=== Problem ===
Pictures are to be left out, and the rest of the records reproduced exactly.

(Stored data entries)
------------------------------------------------------------------------
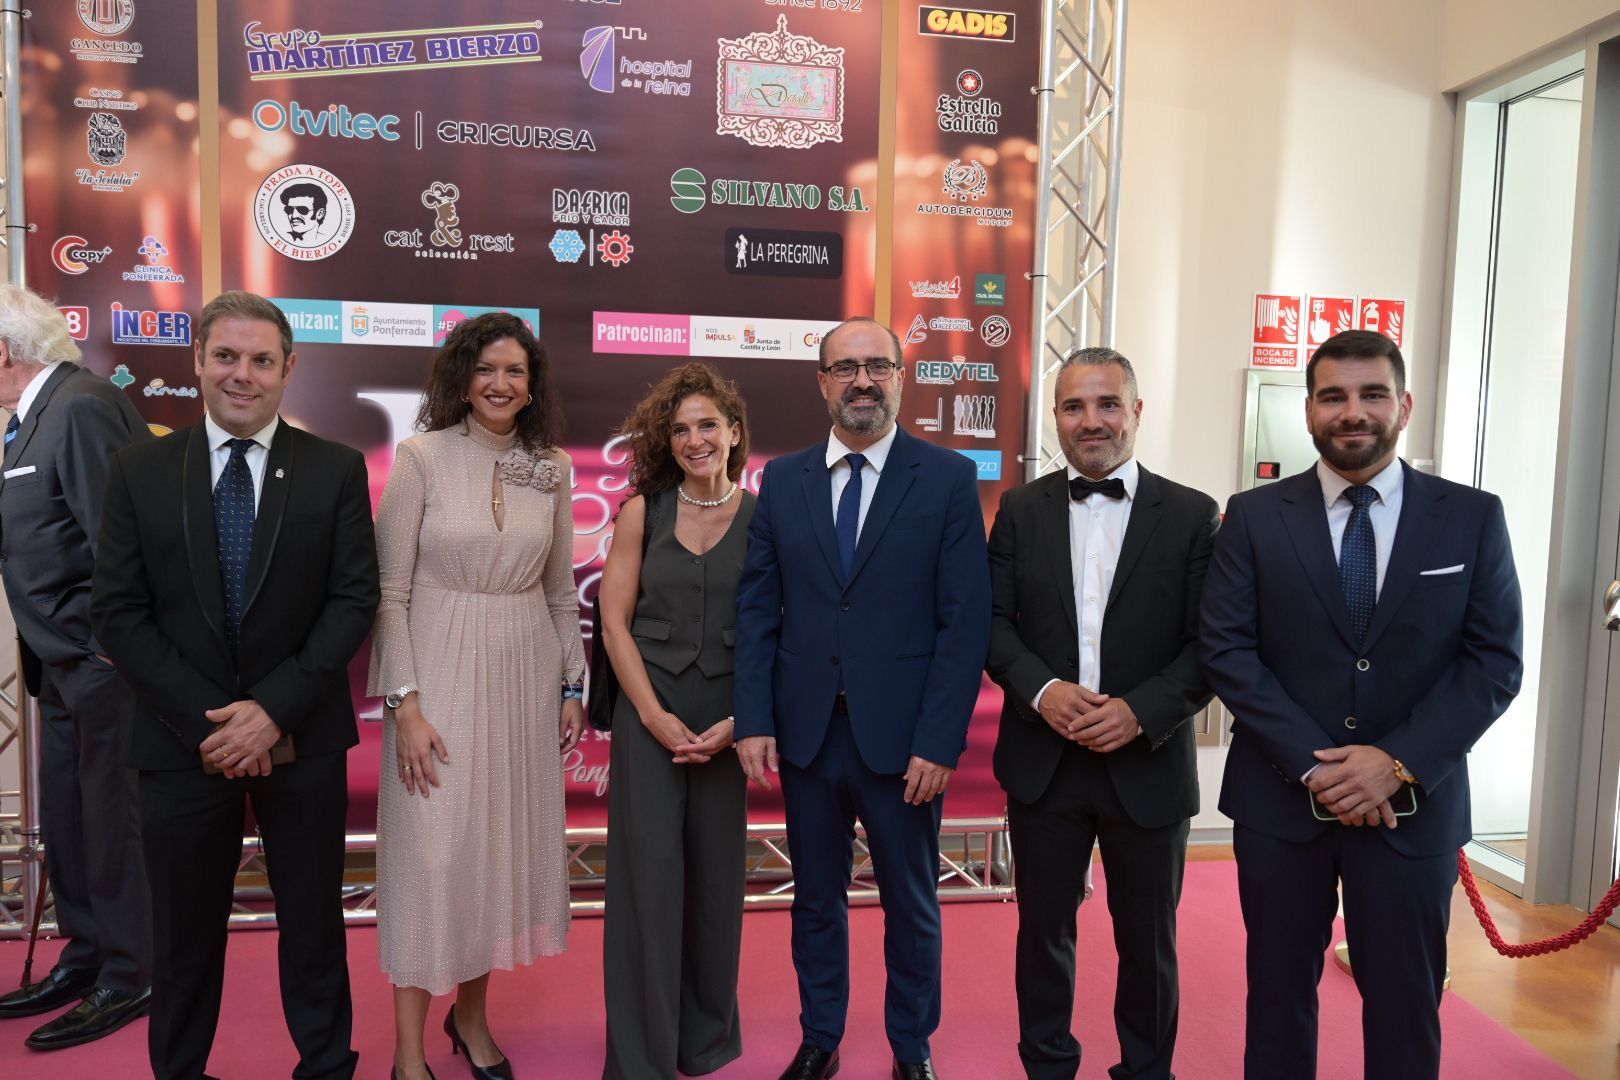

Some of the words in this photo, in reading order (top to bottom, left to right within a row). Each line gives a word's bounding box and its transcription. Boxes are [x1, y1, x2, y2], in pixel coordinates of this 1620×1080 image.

[926, 9, 1008, 38] GADIS
[71, 38, 142, 53] GANCEDO
[244, 21, 321, 51] Grupo
[247, 40, 416, 73] MARTÍNEZ
[425, 32, 540, 61] BIERZO
[619, 56, 692, 78] hospital
[621, 78, 633, 88] de
[634, 79, 642, 89] la
[645, 80, 691, 96] reina
[937, 94, 1001, 116] Estrella
[289, 101, 401, 140] tvitec
[437, 120, 596, 152] CRICURSA
[938, 113, 998, 134] Galicia
[264, 167, 302, 192] PRADA
[306, 167, 314, 176] A
[318, 169, 347, 197] TOPE
[552, 188, 631, 218] DAFRICA
[711, 178, 821, 209] SILVANO
[827, 186, 870, 212] S.A.
[582, 215, 591, 225] Y
[592, 215, 631, 227] CALOR
[916, 203, 1013, 218] AUTOBERGIDUM
[274, 239, 289, 254] EL
[291, 242, 338, 259] BIERZO
[384, 229, 422, 248] cat
[469, 232, 514, 253] rest
[415, 249, 478, 261] selección
[750, 243, 764, 262] LA
[767, 243, 829, 265] PEREGRINA
[122, 272, 184, 283] PONFERRADA
[283, 311, 339, 331] nizan:
[372, 316, 426, 329] Ayuntamiento
[372, 325, 427, 338] Ponferrada
[597, 323, 687, 344] Patrocinan:
[1254, 356, 1295, 366] INCENDIO
[1256, 348, 1280, 357] BOCA
[1282, 349, 1294, 357] DE
[915, 360, 999, 382] REDYTEL
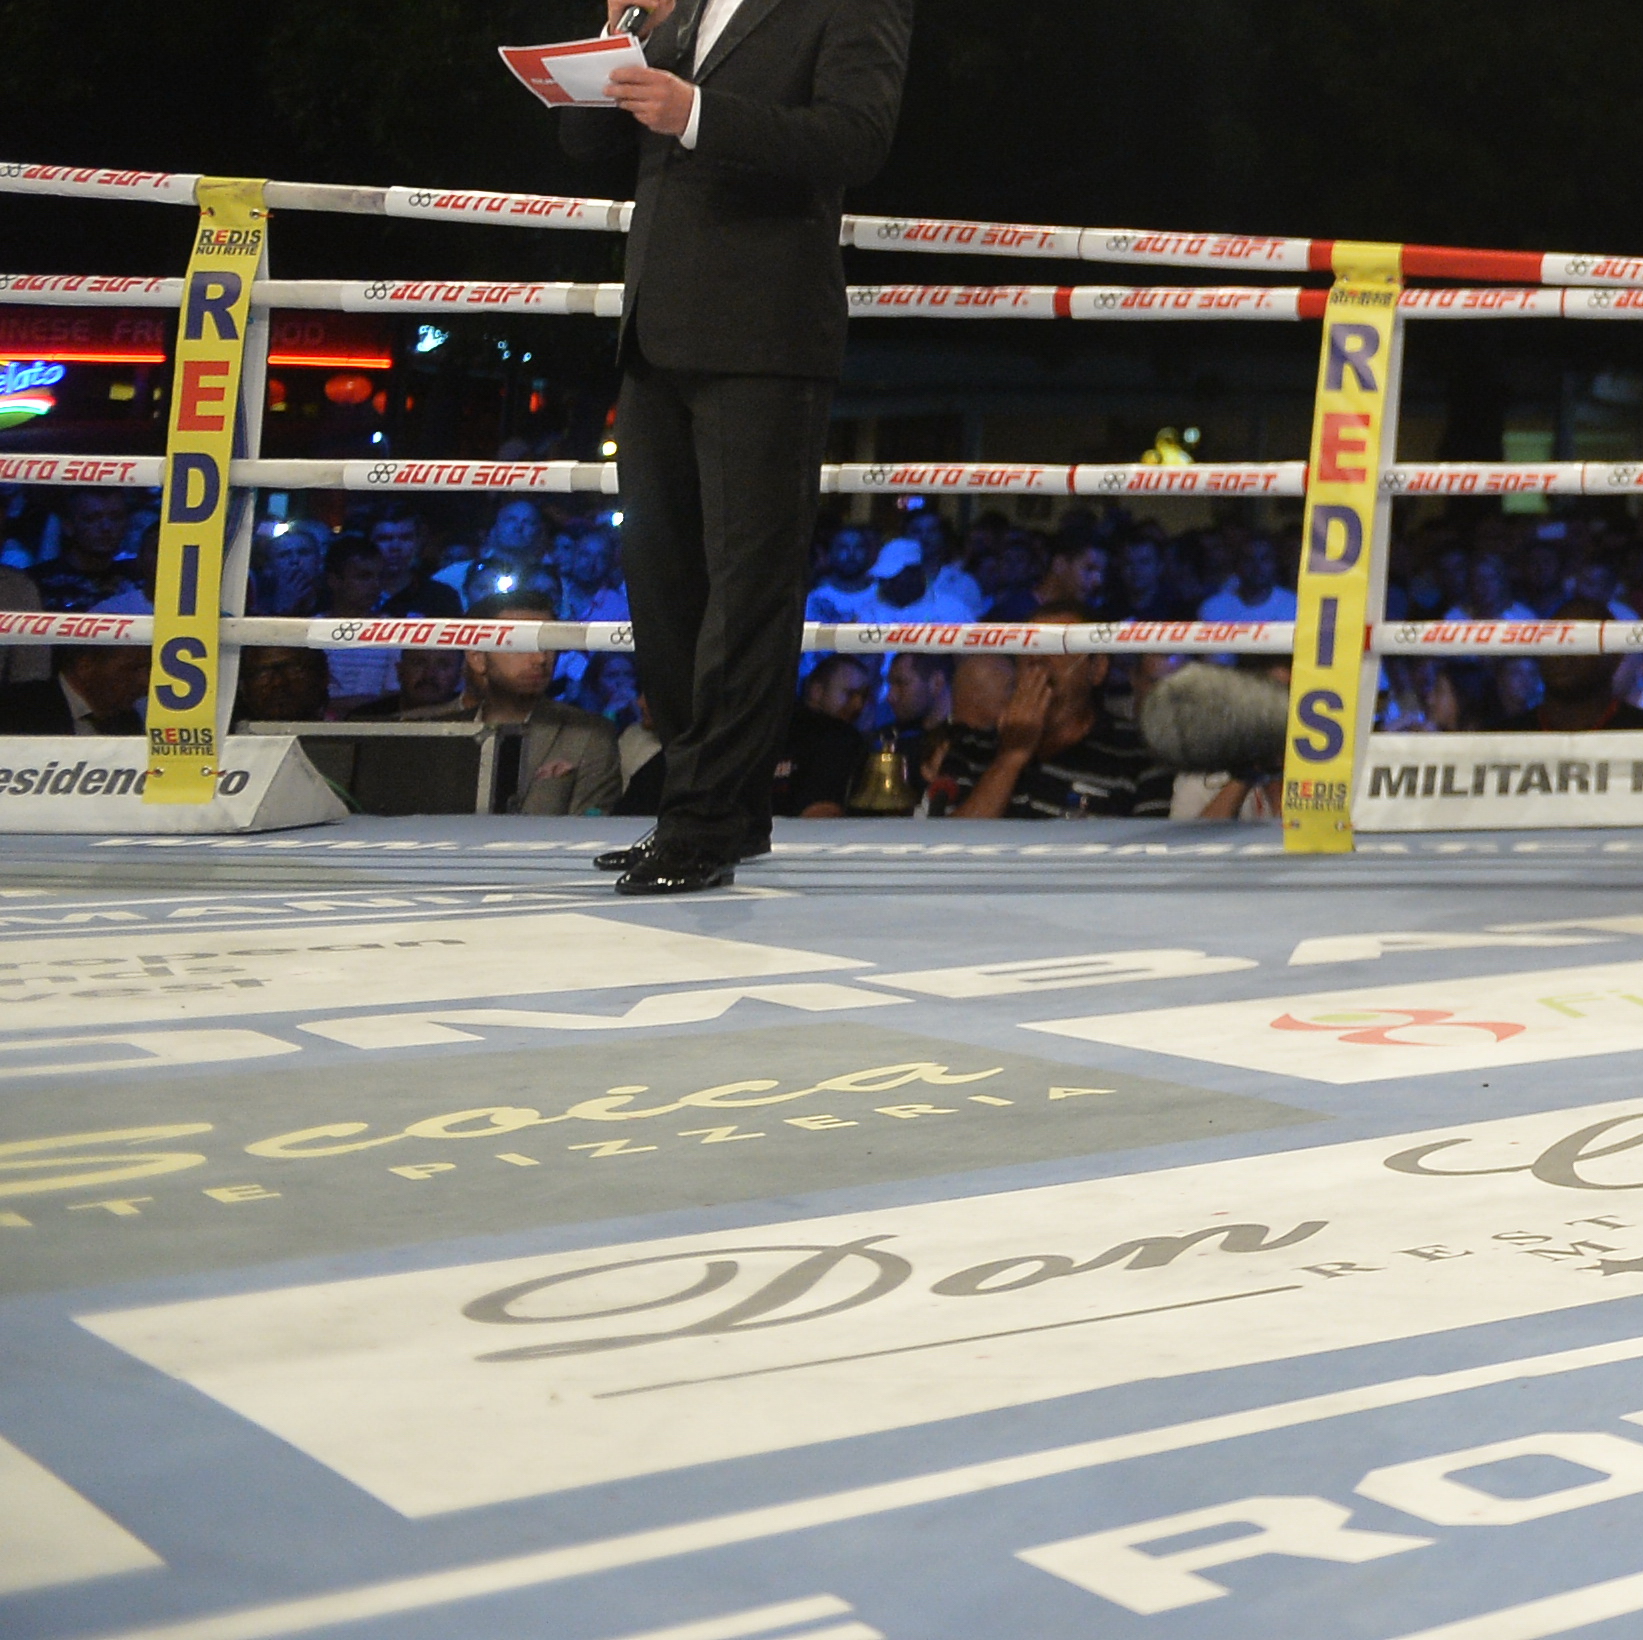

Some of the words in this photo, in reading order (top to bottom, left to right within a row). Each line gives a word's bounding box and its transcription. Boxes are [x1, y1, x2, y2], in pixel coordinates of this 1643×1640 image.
------------------------------------------------------------------------
=== Expected answer ===
Some of the words in this photo, in reading order (top to bottom, left to right within a row). Each line gives a word's bounding box and its transcription. Boxes are [x1, y1, x2, y2], in pixel coordinates of this 1620×1080 image.

[926, 9, 1008, 38] GADIS
[71, 38, 142, 53] GANCEDO
[244, 21, 321, 51] Grupo
[247, 40, 416, 73] MARTÍNEZ
[425, 32, 540, 61] BIERZO
[619, 56, 692, 78] hospital
[621, 78, 633, 88] de
[634, 79, 642, 89] la
[645, 80, 691, 96] reina
[937, 94, 1001, 116] Estrella
[289, 101, 401, 140] tvitec
[437, 120, 596, 152] CRICURSA
[938, 113, 998, 134] Galicia
[264, 167, 302, 192] PRADA
[306, 167, 314, 176] A
[318, 169, 347, 197] TOPE
[552, 188, 631, 218] DAFRICA
[711, 178, 821, 209] SILVANO
[827, 186, 870, 212] S.A.
[582, 215, 591, 225] Y
[592, 215, 631, 227] CALOR
[916, 203, 1013, 218] AUTOBERGIDUM
[274, 239, 289, 254] EL
[291, 242, 338, 259] BIERZO
[384, 229, 422, 248] cat
[469, 232, 514, 253] rest
[415, 249, 478, 261] selección
[750, 243, 764, 262] LA
[767, 243, 829, 265] PEREGRINA
[122, 272, 184, 283] PONFERRADA
[283, 311, 339, 331] nizan:
[372, 316, 426, 329] Ayuntamiento
[372, 325, 427, 338] Ponferrada
[597, 323, 687, 344] Patrocinan:
[1254, 356, 1295, 366] INCENDIO
[1256, 348, 1280, 357] BOCA
[1282, 349, 1294, 357] DE
[915, 360, 999, 382] REDYTEL

Some of the words in this photo, in reading order (top to bottom, left to right within a row). Each line gives a word's bounding box and its transcription. Boxes are [x1, y1, x2, y2], in pixel coordinates of this 1643×1640 image.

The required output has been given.